=== Task to carry out ===
Copy the data that appears below exactly. Drop the pictures.

=== Supplied data ===
□ □ □
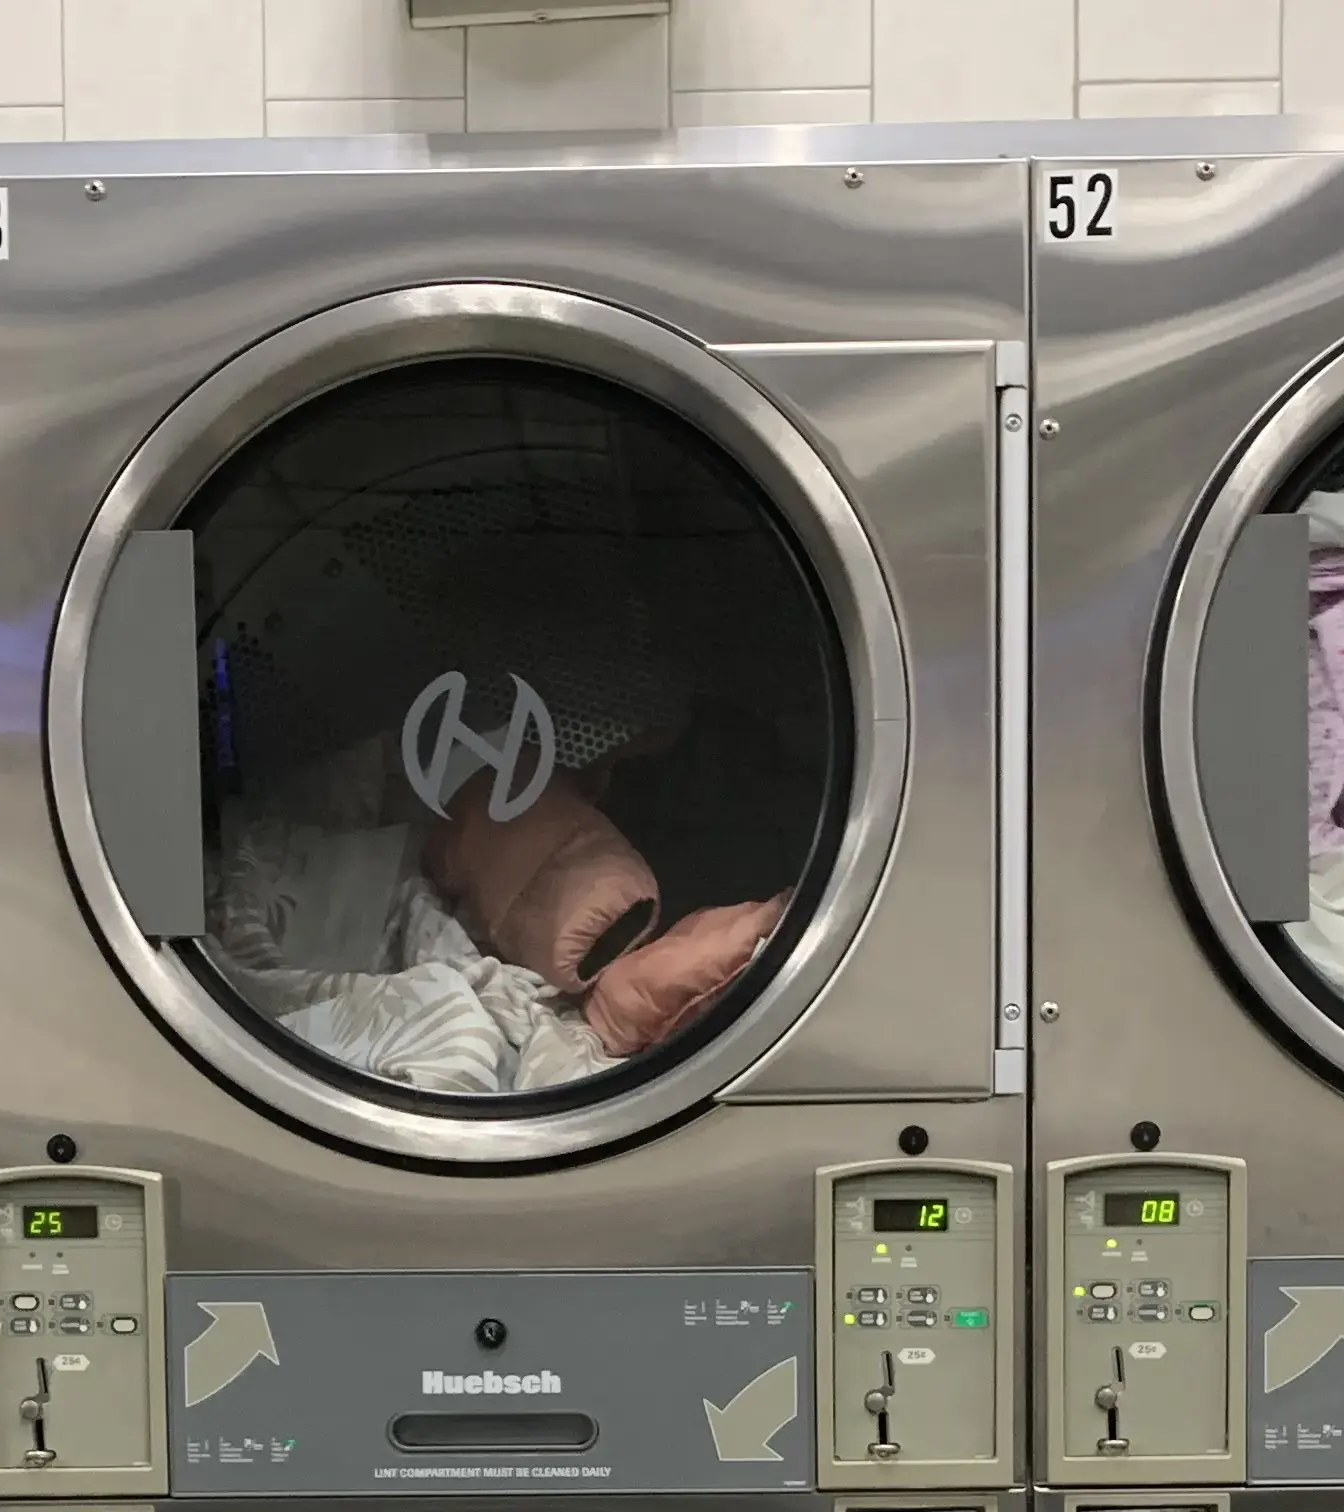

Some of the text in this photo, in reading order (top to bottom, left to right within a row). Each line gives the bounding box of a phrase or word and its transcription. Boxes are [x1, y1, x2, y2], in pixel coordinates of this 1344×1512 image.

[1049, 173, 1113, 239] 52
[30, 1211, 62, 1234] 25
[919, 1203, 945, 1228] 12
[1141, 1199, 1175, 1223] 08
[422, 1370, 562, 1394] Huebsch
[374, 1466, 612, 1479] LINT COMPARTMENT MUST BE CLEANED DAILY
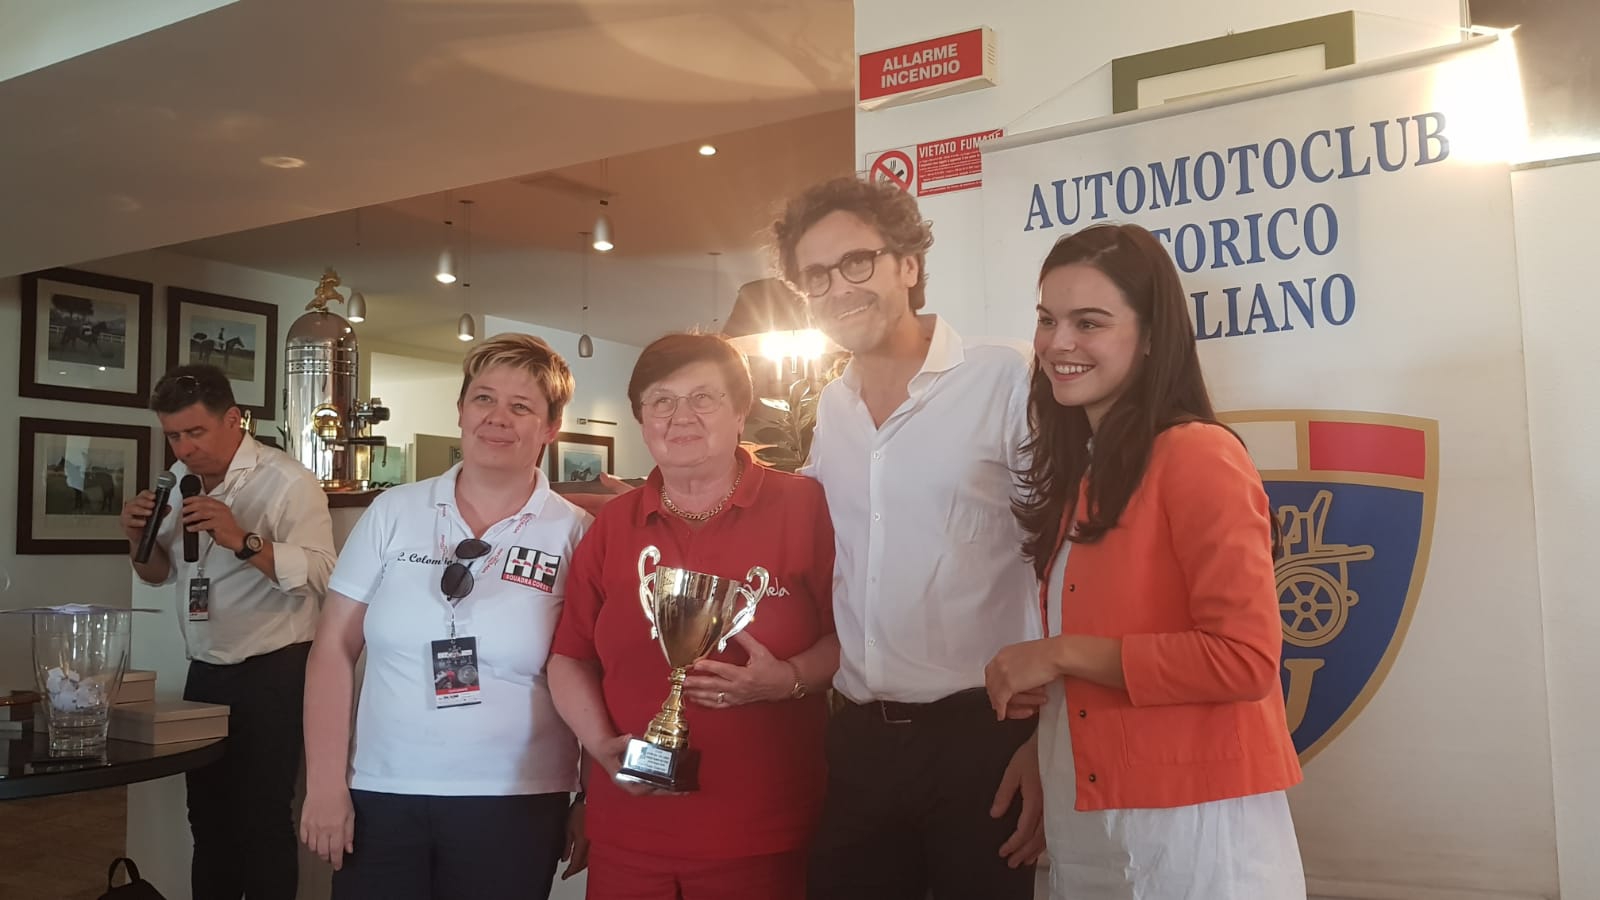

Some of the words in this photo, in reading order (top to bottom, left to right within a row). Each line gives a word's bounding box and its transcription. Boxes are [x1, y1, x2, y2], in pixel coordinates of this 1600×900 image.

[882, 43, 958, 72] ALLARME
[881, 60, 961, 88] INCENDIO
[919, 141, 957, 158] VIETATO
[1024, 111, 1450, 232] AUTOMOTOCLUB
[504, 547, 560, 581] HF
□ □ □
=== Response ===
Some of the text in this photo, in reading order (top to bottom, left to right within a row). Each line gives the bounding box of a phrase or word and its transcription. Boxes are [x1, y1, x2, y2], in pixel coordinates of this 1344×1512 image.

[1049, 173, 1113, 239] 52
[30, 1211, 62, 1234] 25
[919, 1203, 945, 1228] 12
[1141, 1199, 1175, 1223] 08
[422, 1370, 562, 1394] Huebsch
[374, 1466, 612, 1479] LINT COMPARTMENT MUST BE CLEANED DAILY

Some of the words in this photo, in reading order (top to bottom, left to right within a row). Each line gives a word's bounding box and its transcription. Boxes are [x1, y1, x2, y2], in pixel coordinates of this 1600×900 image.

[882, 43, 958, 72] ALLARME
[881, 60, 961, 88] INCENDIO
[919, 141, 957, 158] VIETATO
[1024, 111, 1450, 232] AUTOMOTOCLUB
[504, 547, 560, 581] HF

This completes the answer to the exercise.